Edge Cases Will Continue to Boost Industry Demand
Edge cases are unlikely or improbable situations that a given AI may still conceivably encounter over the course of its operational lifetime. Although improbable, engineers need to take these edge cases into consideration when developing and training their AI applications — especially when applications carry significant risks, such as autonomous vehicles. However, the very same risks that make edge case training so important in these applications, also make it exceedingly difficult, if not impossible, to gather the data said training requires.
Faced with this conundrum, more and more businesses will turn to synthetic data for their training needs. More and more car manufacturers will use synthetic data to train and develop their in-cabin driver monitoring system (DMS). These AI-enabled systems use computer vision to monitor drivers and issue alerts whenever drivers show signs of distraction or fatigue. We will surely see many other carmakers follow suit over the coming years, as new EU regulations mandating DMS technologies go into effect; and American manufacturers inevitably do the same to keep up with competition. This, along with work on driverless technologies, will vastly expand and deepen the industry’s investment in the human-centered synthetic data needed to train those systems.

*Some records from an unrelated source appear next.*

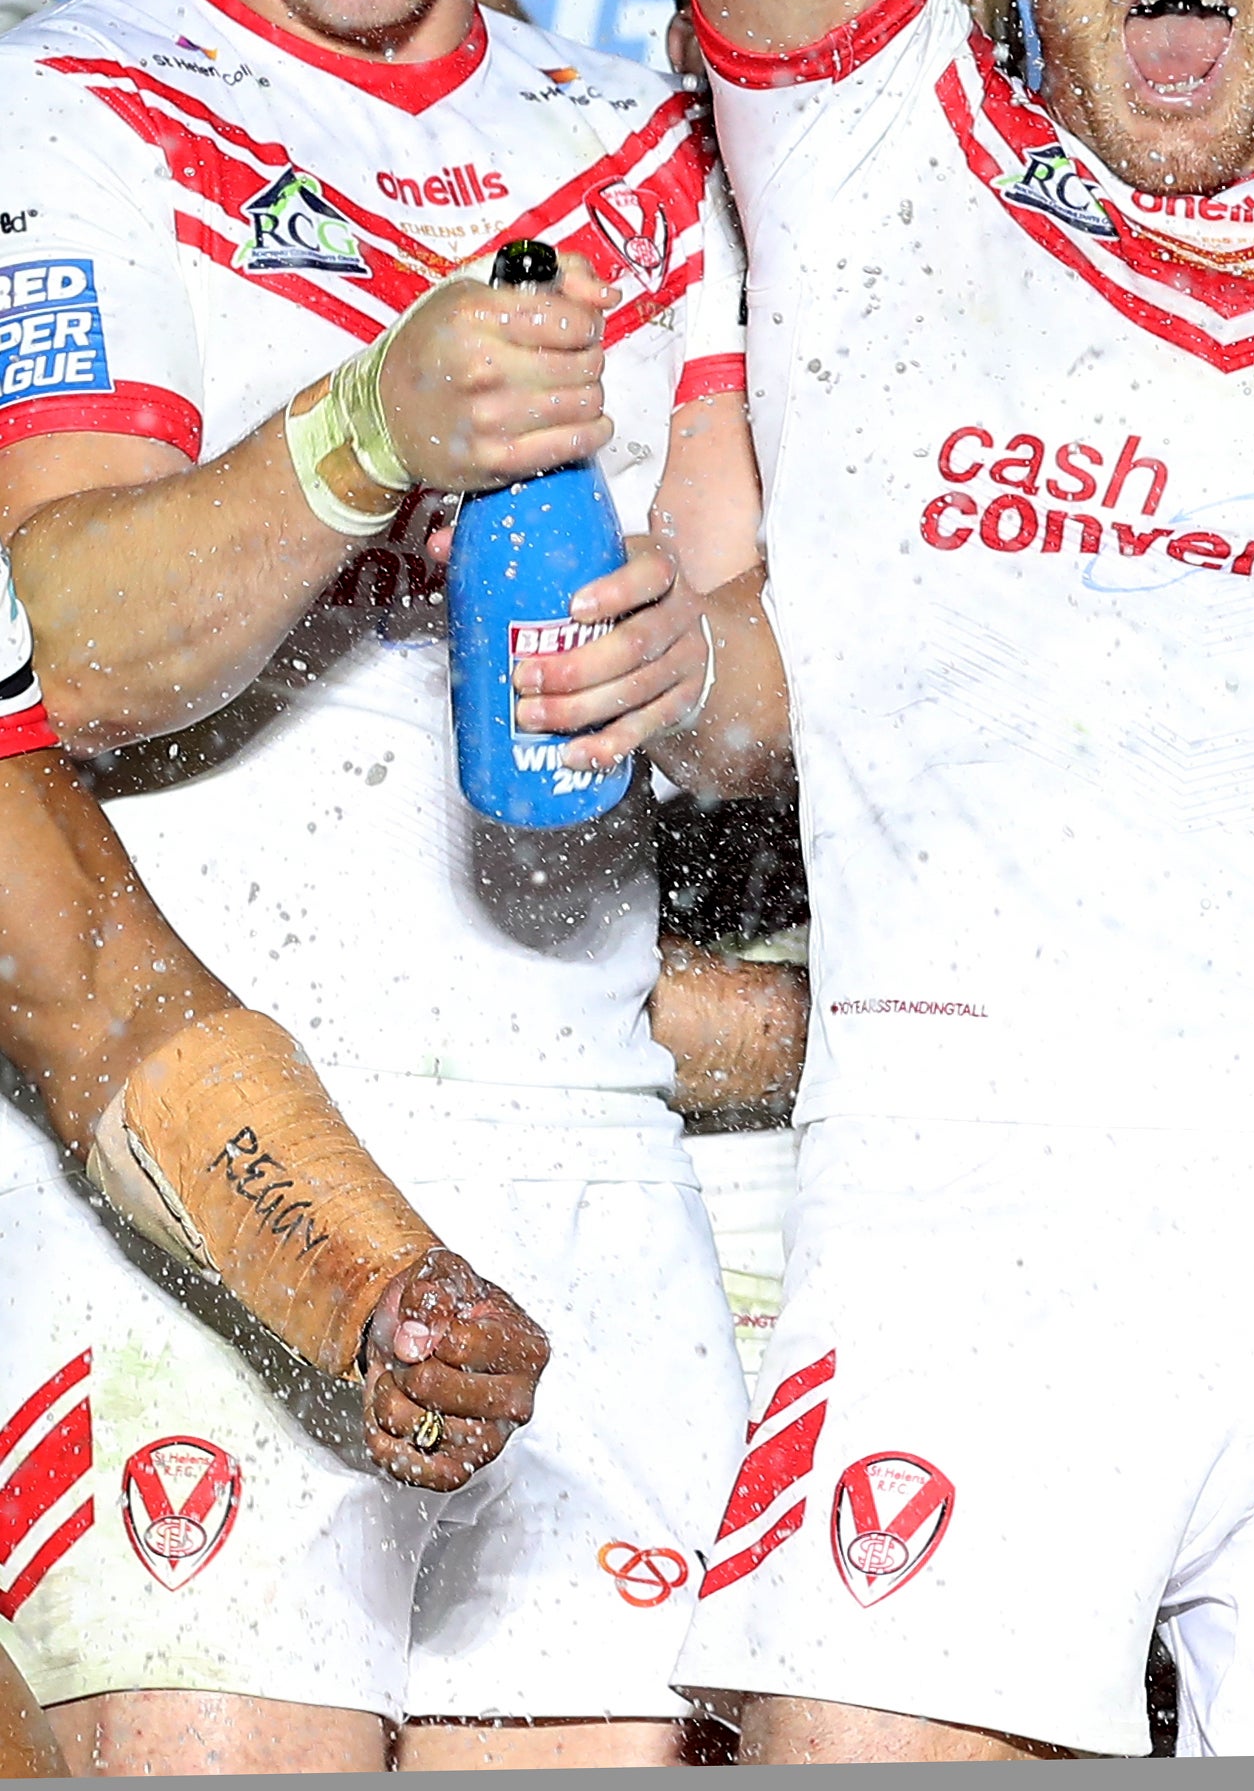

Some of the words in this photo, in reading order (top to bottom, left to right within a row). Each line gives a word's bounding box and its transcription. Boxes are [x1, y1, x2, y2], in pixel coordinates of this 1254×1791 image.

[1020, 157, 1107, 214] RC
[248, 211, 357, 257] RCG
[936, 425, 1169, 516] cash
[514, 621, 615, 655] BET
[206, 1125, 331, 1262] REGGY

Digital Twins Will Save the Day
Federal Reserve chair Jerome Powell and other experts predict that the global supply chain crisis will only get worse in 2022 before it gets better. In fact, a recent Wall Street Journal poll of leading economists finds almost half of the respondents cite supply chain bottlenecks as the biggest threat to growth in the next 12 to 18 months.

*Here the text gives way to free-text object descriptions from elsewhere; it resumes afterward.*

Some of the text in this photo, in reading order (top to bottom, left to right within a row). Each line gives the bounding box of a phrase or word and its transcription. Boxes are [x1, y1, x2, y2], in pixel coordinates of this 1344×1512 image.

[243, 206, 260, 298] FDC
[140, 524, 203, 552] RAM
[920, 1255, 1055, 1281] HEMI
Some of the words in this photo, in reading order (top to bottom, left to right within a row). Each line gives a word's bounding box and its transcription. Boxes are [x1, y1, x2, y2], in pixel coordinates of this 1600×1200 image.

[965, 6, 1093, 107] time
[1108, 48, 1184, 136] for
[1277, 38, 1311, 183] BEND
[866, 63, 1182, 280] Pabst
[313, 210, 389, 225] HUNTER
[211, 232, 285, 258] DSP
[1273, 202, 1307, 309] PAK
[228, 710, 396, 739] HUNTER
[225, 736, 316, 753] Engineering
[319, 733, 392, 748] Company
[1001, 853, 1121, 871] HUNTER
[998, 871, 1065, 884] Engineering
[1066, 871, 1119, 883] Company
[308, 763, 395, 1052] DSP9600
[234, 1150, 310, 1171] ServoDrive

Unpredictable weather patterns and labor shortages will intensify the disruptions caused by the global pandemic. As a result, private businesses and government agencies will turn to solutions that could help alleviate the pressures. One such solution will be digital twins, a machine learning driven simulation of real-world objects to predict disruptions and provide recommendations on how to avoid them.
Organizations whose operations are heavily supply chain dependent should consider investing in digital twins technology to stay competitive.

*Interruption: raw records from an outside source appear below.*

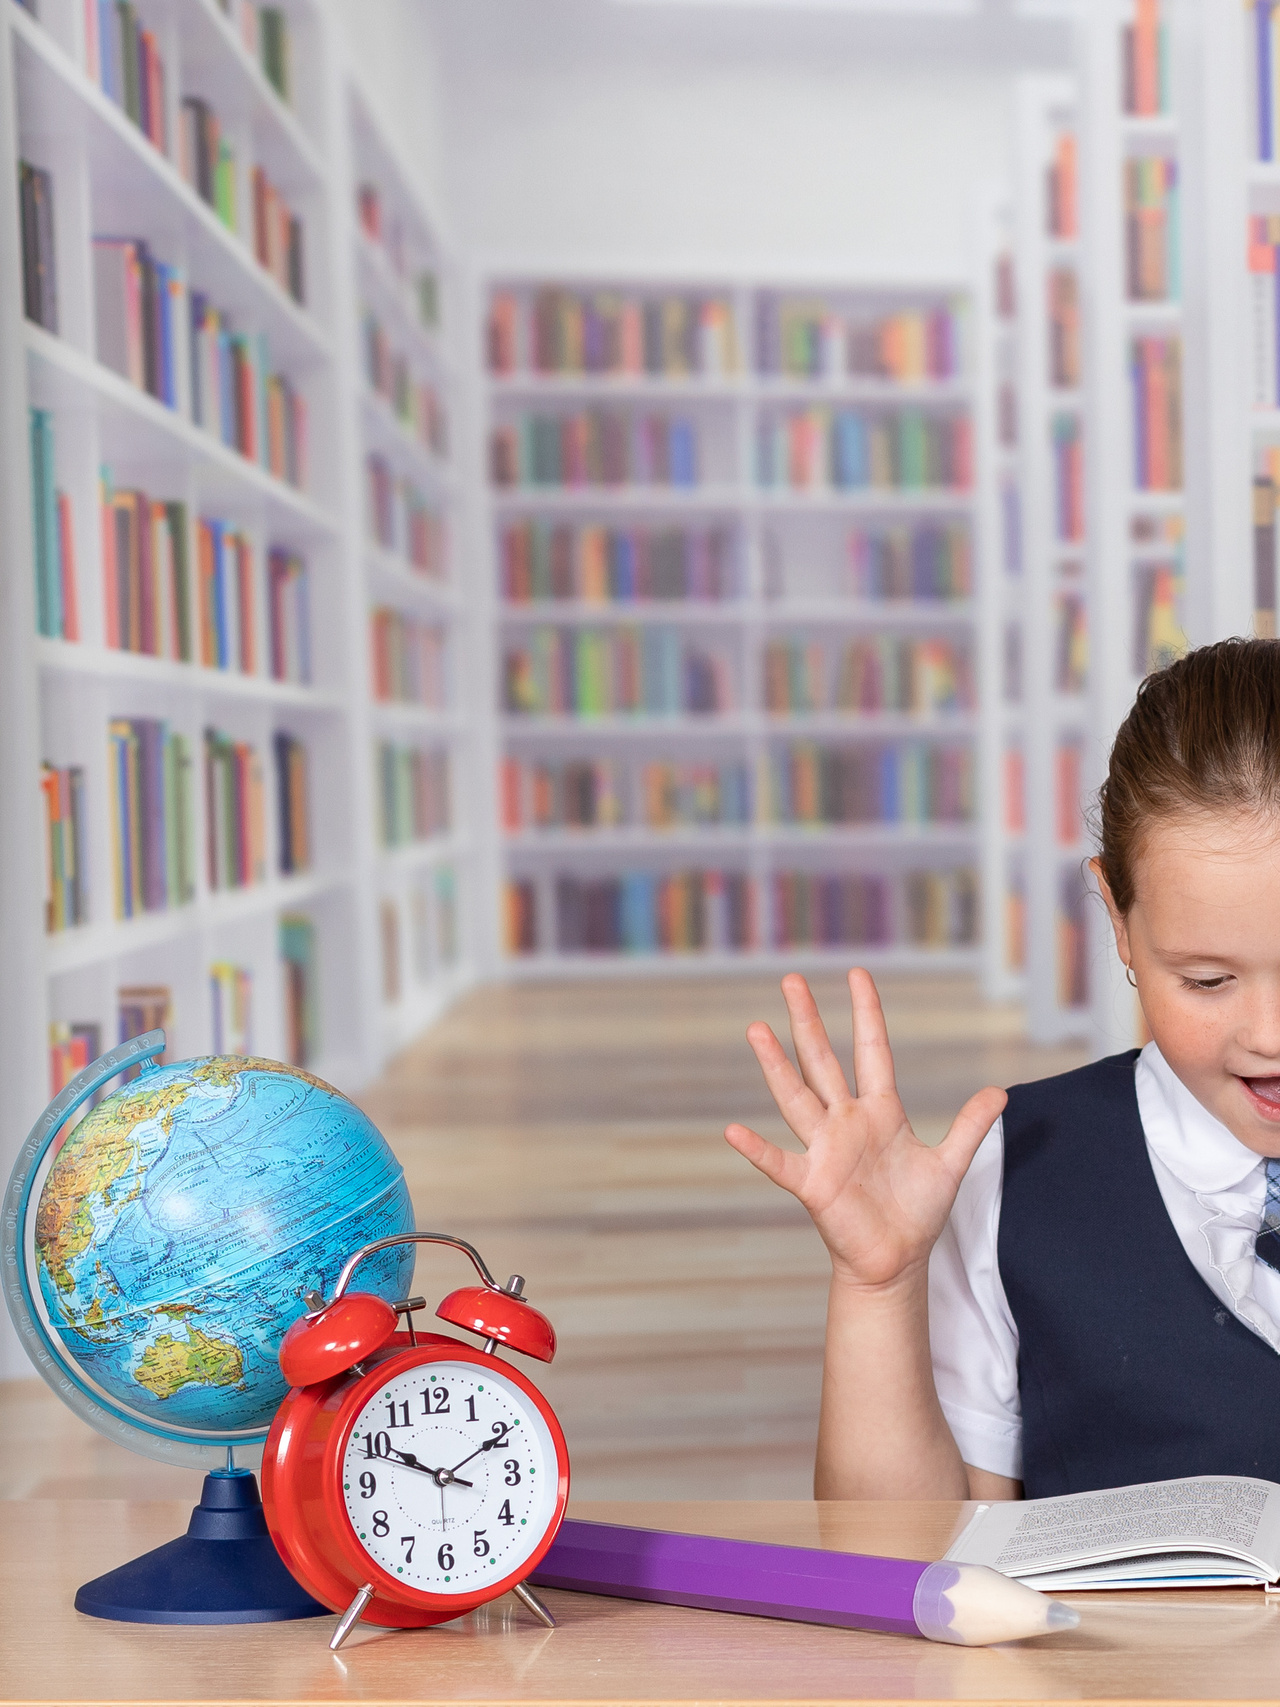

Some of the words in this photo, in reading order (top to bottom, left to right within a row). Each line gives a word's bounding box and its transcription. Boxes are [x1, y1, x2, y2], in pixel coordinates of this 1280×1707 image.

[385, 1399, 414, 1429] 11
[419, 1386, 451, 1415] 12
[464, 1394, 480, 1422] 1
[361, 1430, 392, 1460] 10
[491, 1421, 510, 1449] 2
[359, 1471, 377, 1499] 9
[504, 1459, 522, 1486] 3
[372, 1510, 390, 1538] 8
[497, 1499, 515, 1526] 4
[400, 1536, 416, 1564] 7
[437, 1543, 455, 1571] 6
[473, 1529, 491, 1557] 5

Across all these predictions, the common thread is clear — the world’s good data needs are going up. And manual data collection and annotation won’t be able to satisfy the impending explosion of demand. Synthetic data, on the other hand, offers a fast, customizable, and cost-effective alternative that, in many cases, performs even better than its real-world counterpart. The world’s increasing demand for data also coincides with an increased demand for data professionals, both data scientists and computer vision engineers, which may well prove to be the true bottleneck to impede AI’s rise to universal adoption.
However, in a recent blog by MIT News, Synthetic data is a bit like diet soda. To be effective, it has to resemble the “real thing” in certain ways. Diet soda should look, taste, and fizz like regular soda. Similarly, a synthetic dataset must have the same mathematical and statistical properties as the real-world dataset it’s standing in for.
“It looks like it, and has formatting like it,” says Kalyan Veeramachaneni, a principal research scientist in MIT’s Laboratory for Information and Decision Systems told the news site. If it’s run through a model, or used to build or test an application, it performs like that real-world data would.
But just as diet soda should have fewer calories than the regular variety, he says, a synthetic dataset must also differ from a real one in crucial aspects. If it’s based on a real dataset, for example, it shouldn’t contain or even hint at any of the information from that dataset.